Question

Let $f : \mathbb{R} \to \mathbb{R}$ be given by $f(x) = \tan x$. Then $f^{-1}(1)$ is:

• A. $\frac{\pi}{4}$
• B. $n\pi + \frac{\pi}{4}; \, n \in \mathbb{Z}$
• C. $\frac{\pi}{3}$
• D. $n\pi + \frac{\pi}{3}; \, n \in \mathbb{Z}$

Answer 1

The Correct Option is A

Step 1: Find the inverse of \( f(x) = \tan x \)

The function \( f(x) = \tan x \) is periodic, with a period of \( \pi \). The inverse function \( f^{-1}(x) \) gives us the angle whose tangent is \( x \).

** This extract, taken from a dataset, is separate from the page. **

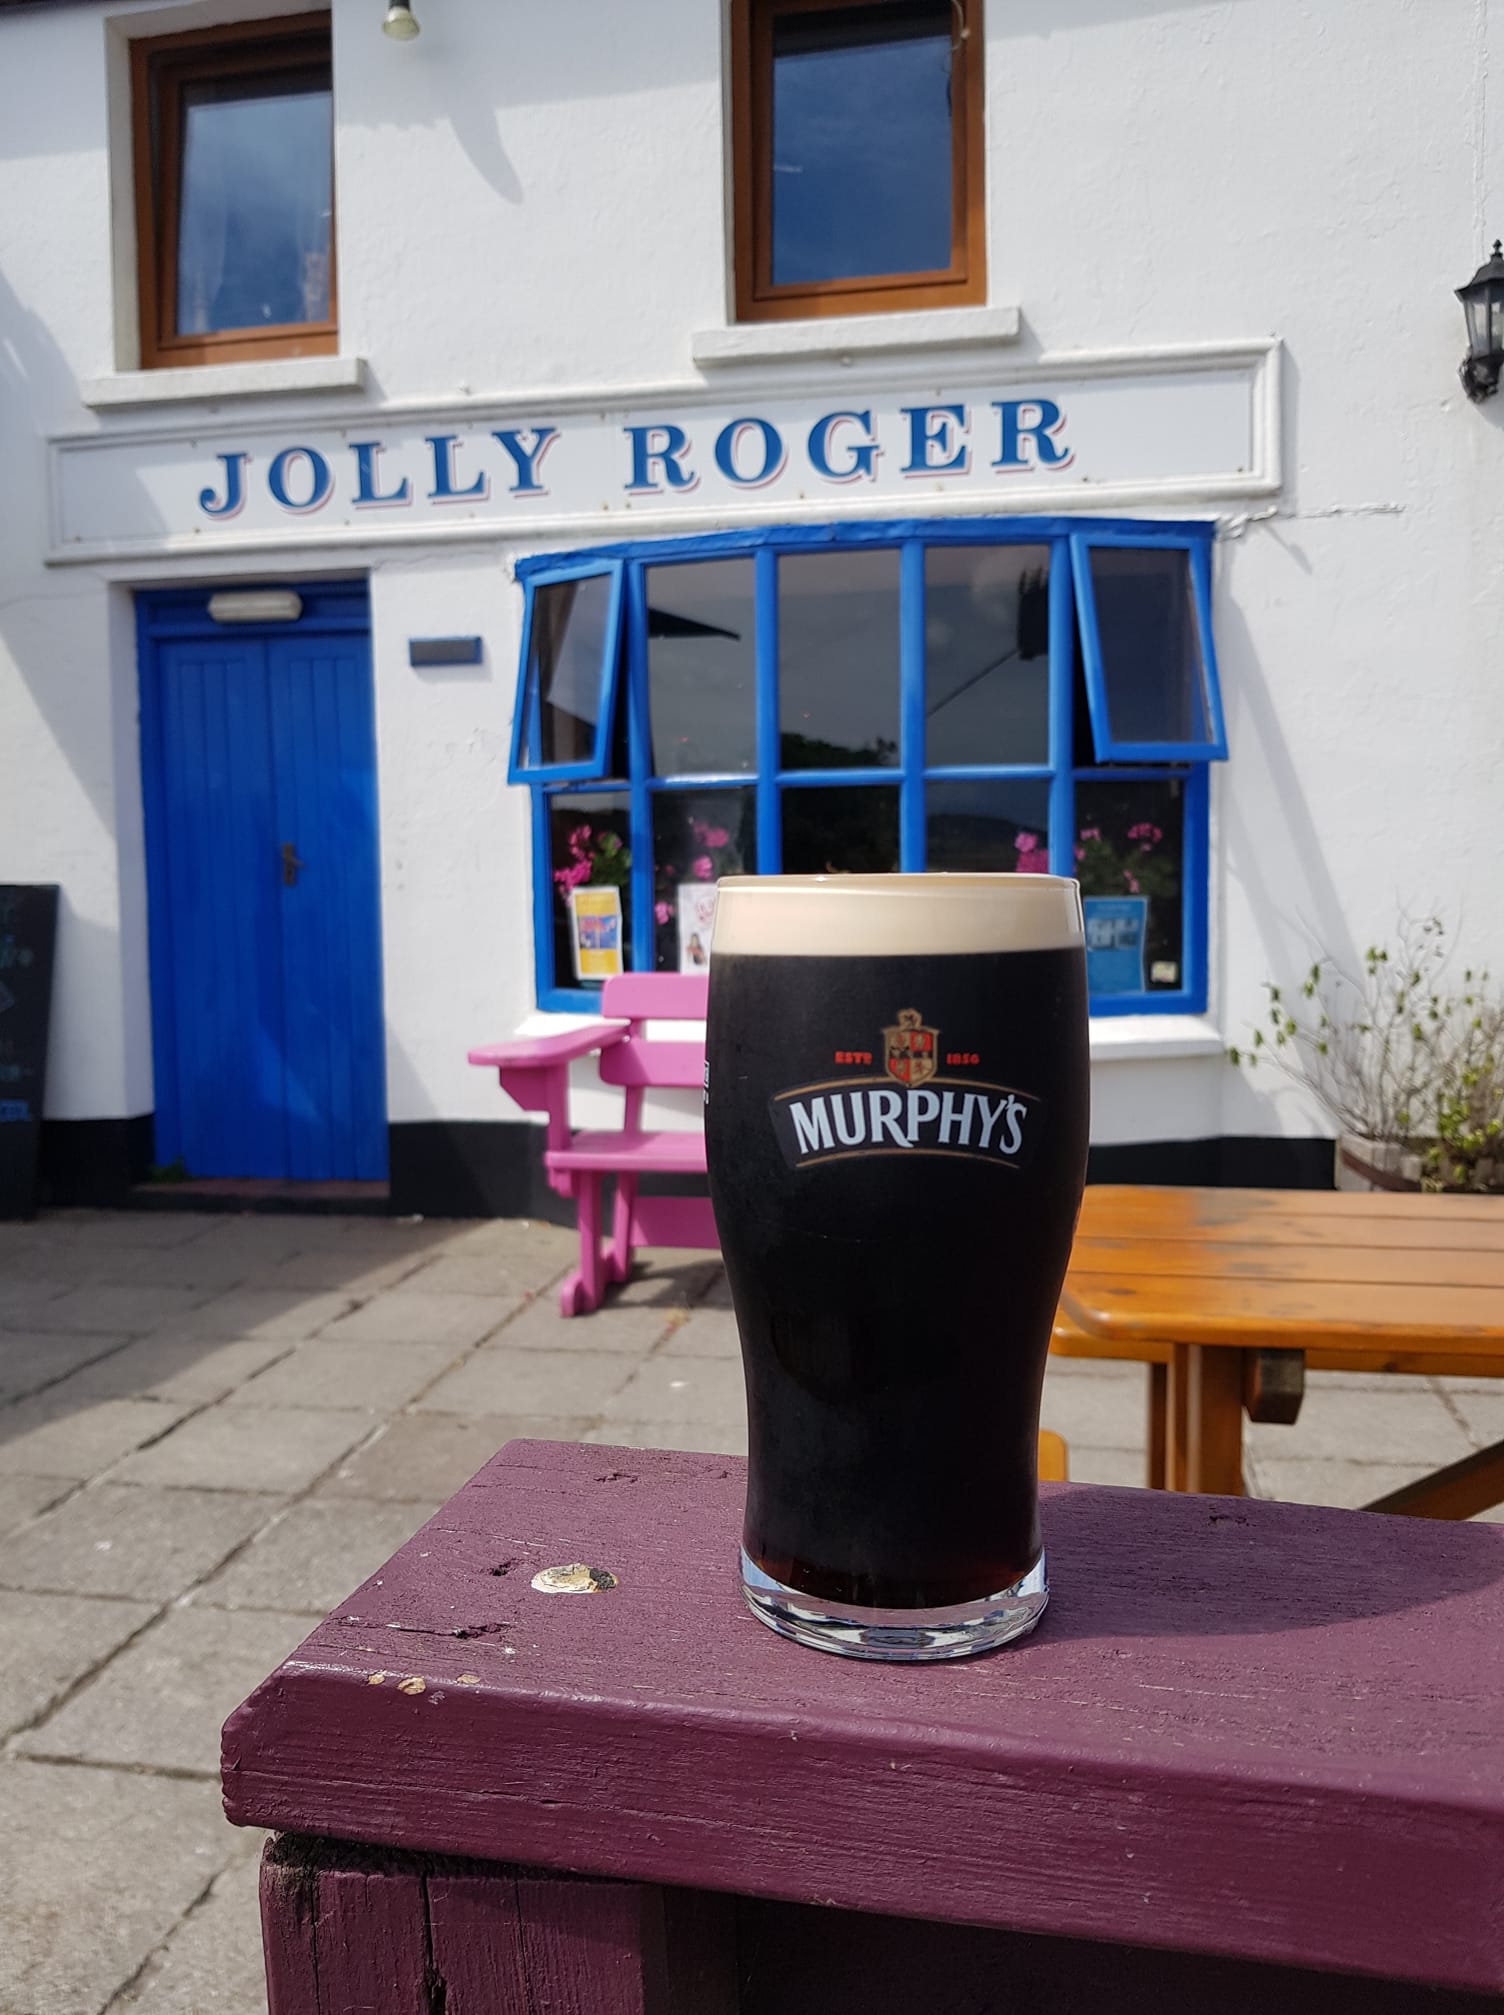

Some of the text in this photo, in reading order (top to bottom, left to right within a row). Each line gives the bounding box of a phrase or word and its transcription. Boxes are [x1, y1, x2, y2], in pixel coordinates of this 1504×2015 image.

Step 2: Find \( f^{-1}(1) \)

We need to find \( x \) such that:

\[ \tan x = 1. \]

The solution to \( \tan x = 1 \) is \( x = \frac{\pi}{4} + n\pi \), where \( n \in \mathbb{Z} \) because the tangent function repeats every \( \pi \).

Step 3: Conclusion

Thus, \( f^{-1}(1) = \{ n\pi + \frac{\pi}{4} : n \in \mathbb{Z} \} \).

Answer 2

The function \( f(x) = \tan x \) is a periodic function with a period of \( \pi \). 

The range of the tangent function is all real numbers, i.e., \( (-\infty, \infty) \). 

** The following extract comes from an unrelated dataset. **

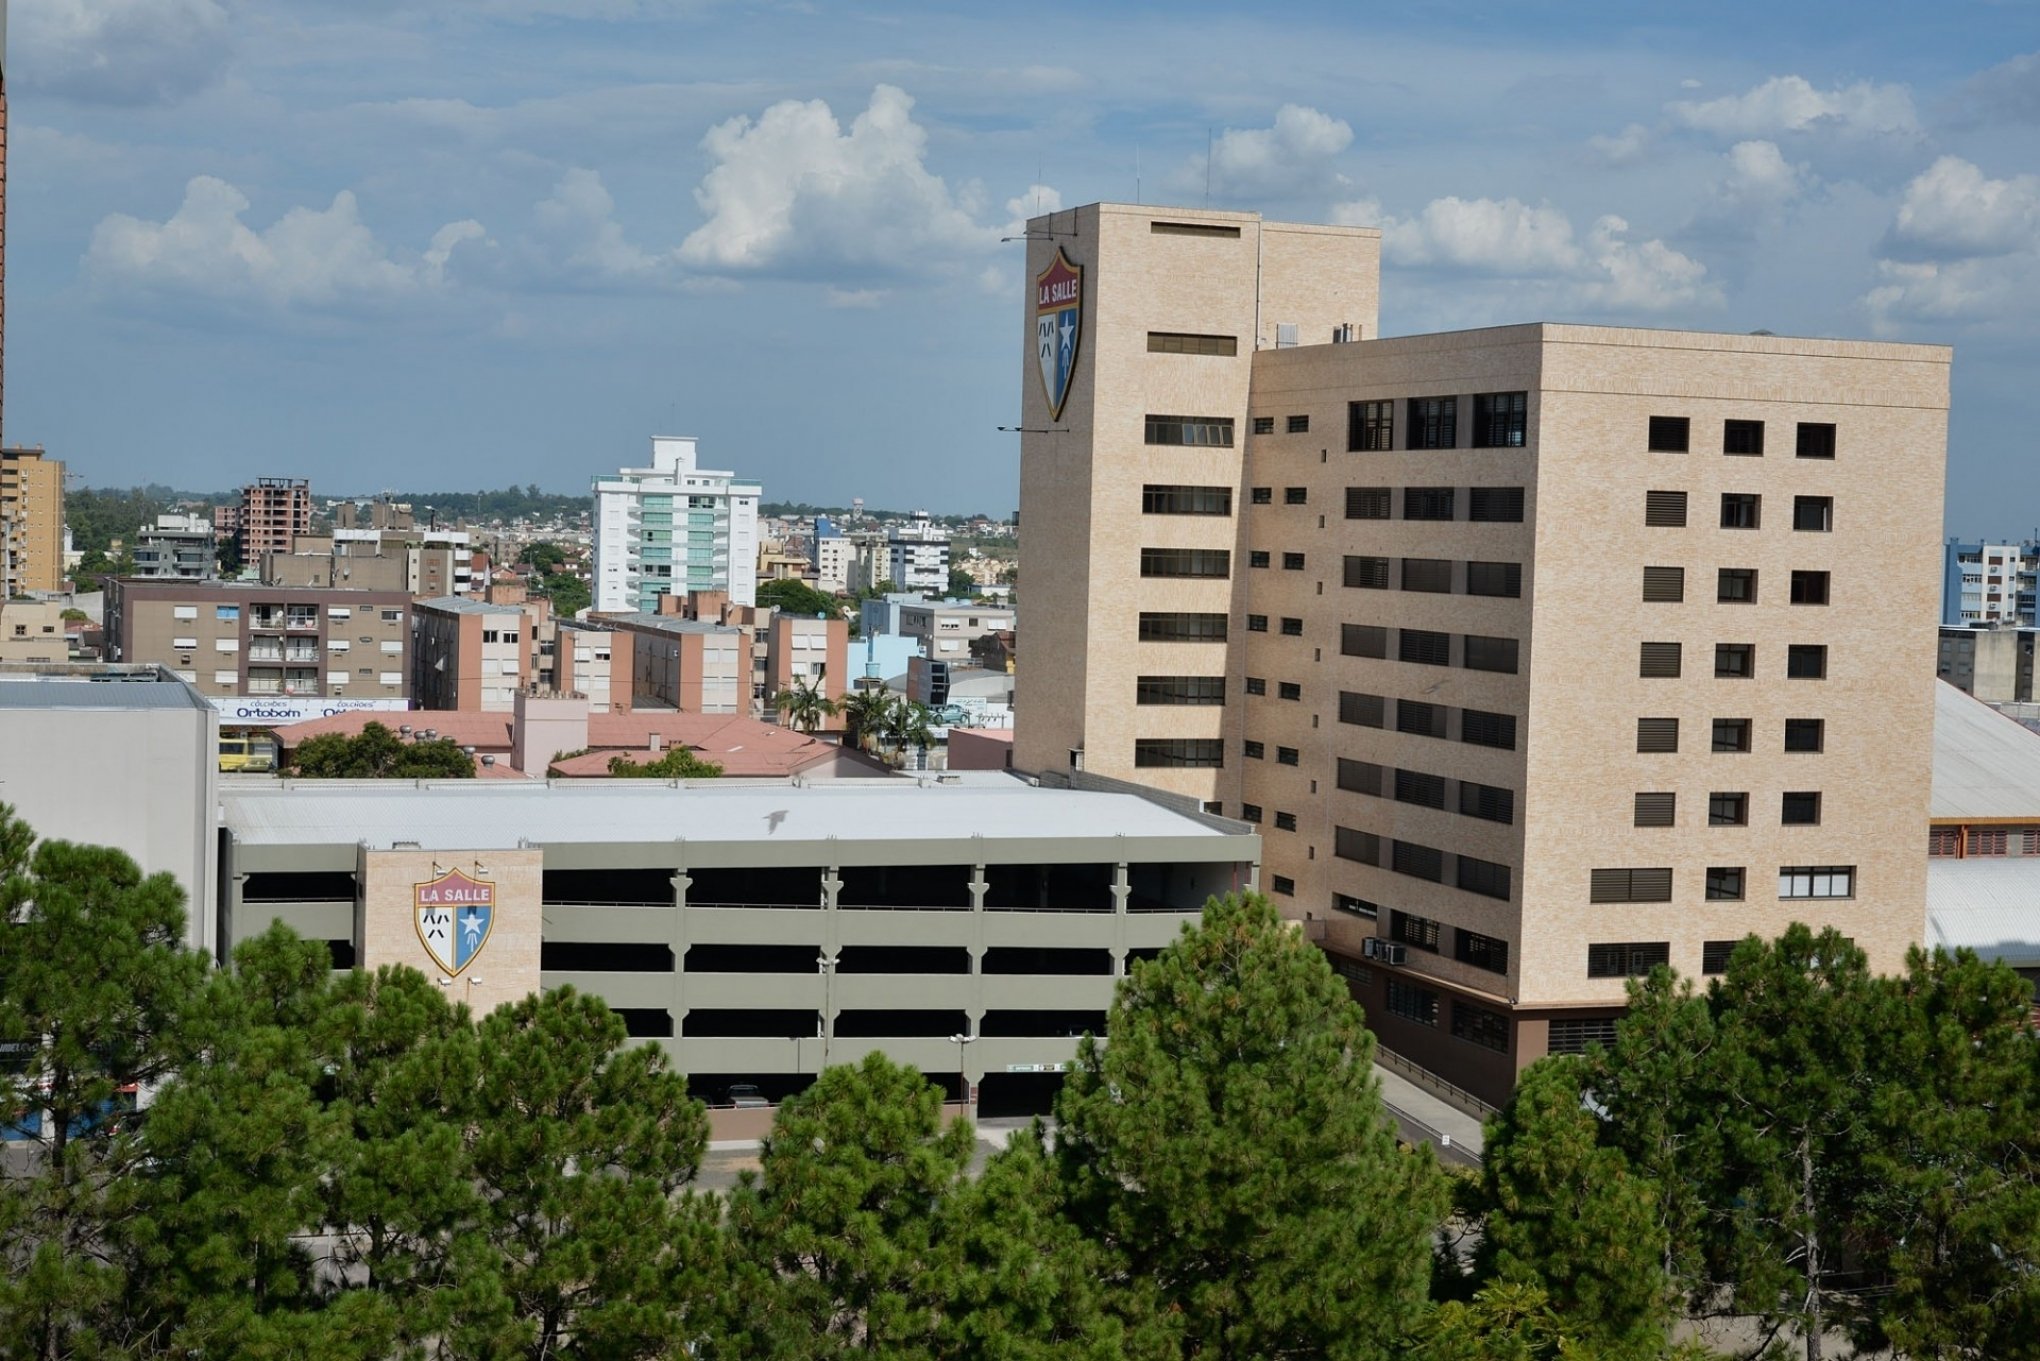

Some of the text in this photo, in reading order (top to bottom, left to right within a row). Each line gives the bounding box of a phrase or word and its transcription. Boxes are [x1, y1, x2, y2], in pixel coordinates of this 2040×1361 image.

[1039, 279, 1077, 305] LA SALLE
[237, 707, 301, 718] Ortobom
[421, 888, 490, 902] LA SALLE

However, the function is not one-to-one (injective) on its entire domain, so it does not have an inverse function on the whole real line.

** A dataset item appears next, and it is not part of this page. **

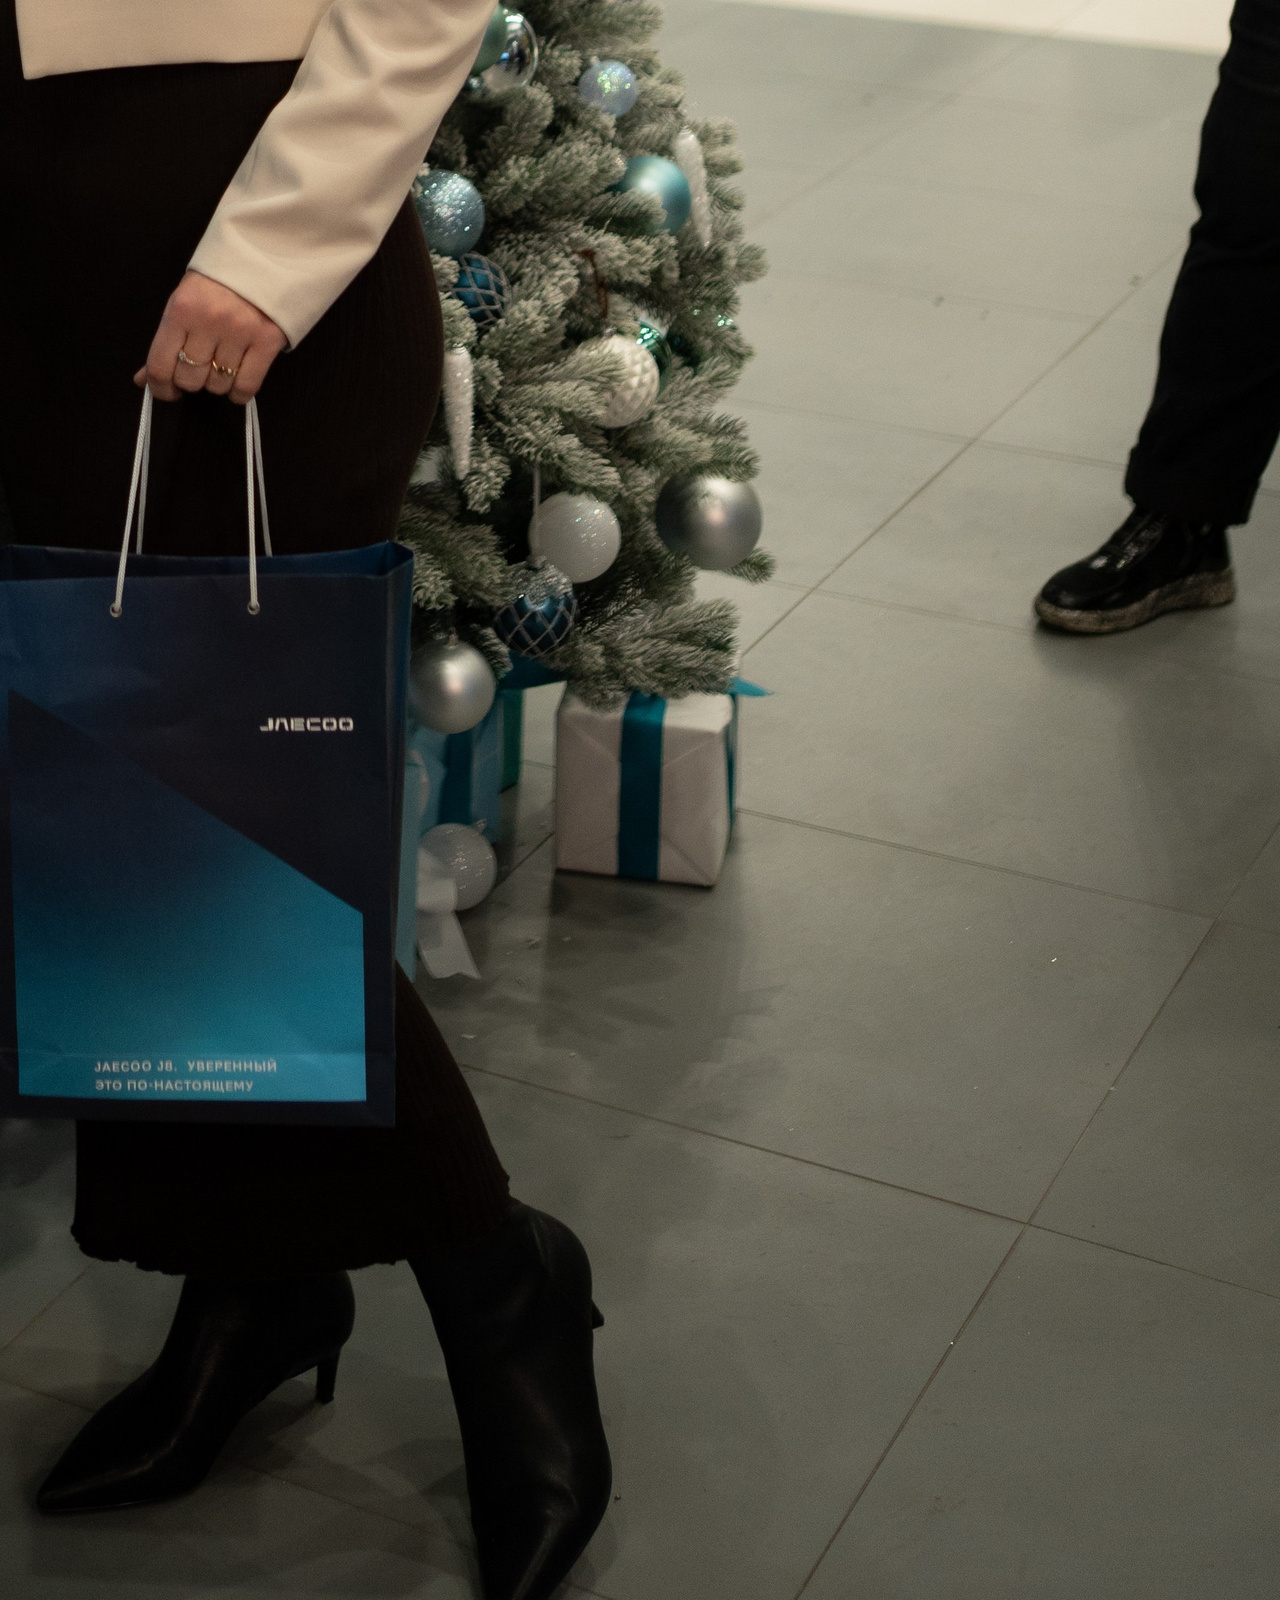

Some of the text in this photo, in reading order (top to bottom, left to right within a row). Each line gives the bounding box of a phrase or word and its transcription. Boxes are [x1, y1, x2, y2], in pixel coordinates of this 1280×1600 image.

[260, 717, 354, 732] JAECOO
[94, 1060, 152, 1073] JAECOO
[187, 1057, 277, 1072] УВЕРЕННЫЙ
[95, 1079, 254, 1093] ЭТО ПО-НАСТОЯЩЕМУ

To find the inverse function, we restrict the domain of the tangent function to the interval \( \left(-\frac{\pi}{2}, \frac{\pi}{2}\right) \). On this interval, the tangent function is strictly increasing and has a range of \( (-\infty, \infty) \). 

The inverse function is denoted as \( \arctan(x) \) or \( \tan^{-1}(x) \).

The principal value of \( x \) for which \( \tan x = 1 \) is \( x = \frac{\pi}{4} \).

However, since the tangent function is periodic with period \( \pi \), there are infinitely many values of \( x \) for which \( \tan x = 1 \).

These values are given by \( x = n\pi + \frac{\pi}{4} \), where \( n \) is an integer.

Therefore, \( f^{-1}(1) \) is the set \( \{n\pi + \frac{\pi}{4} : n \in \mathbb{Z}\} \).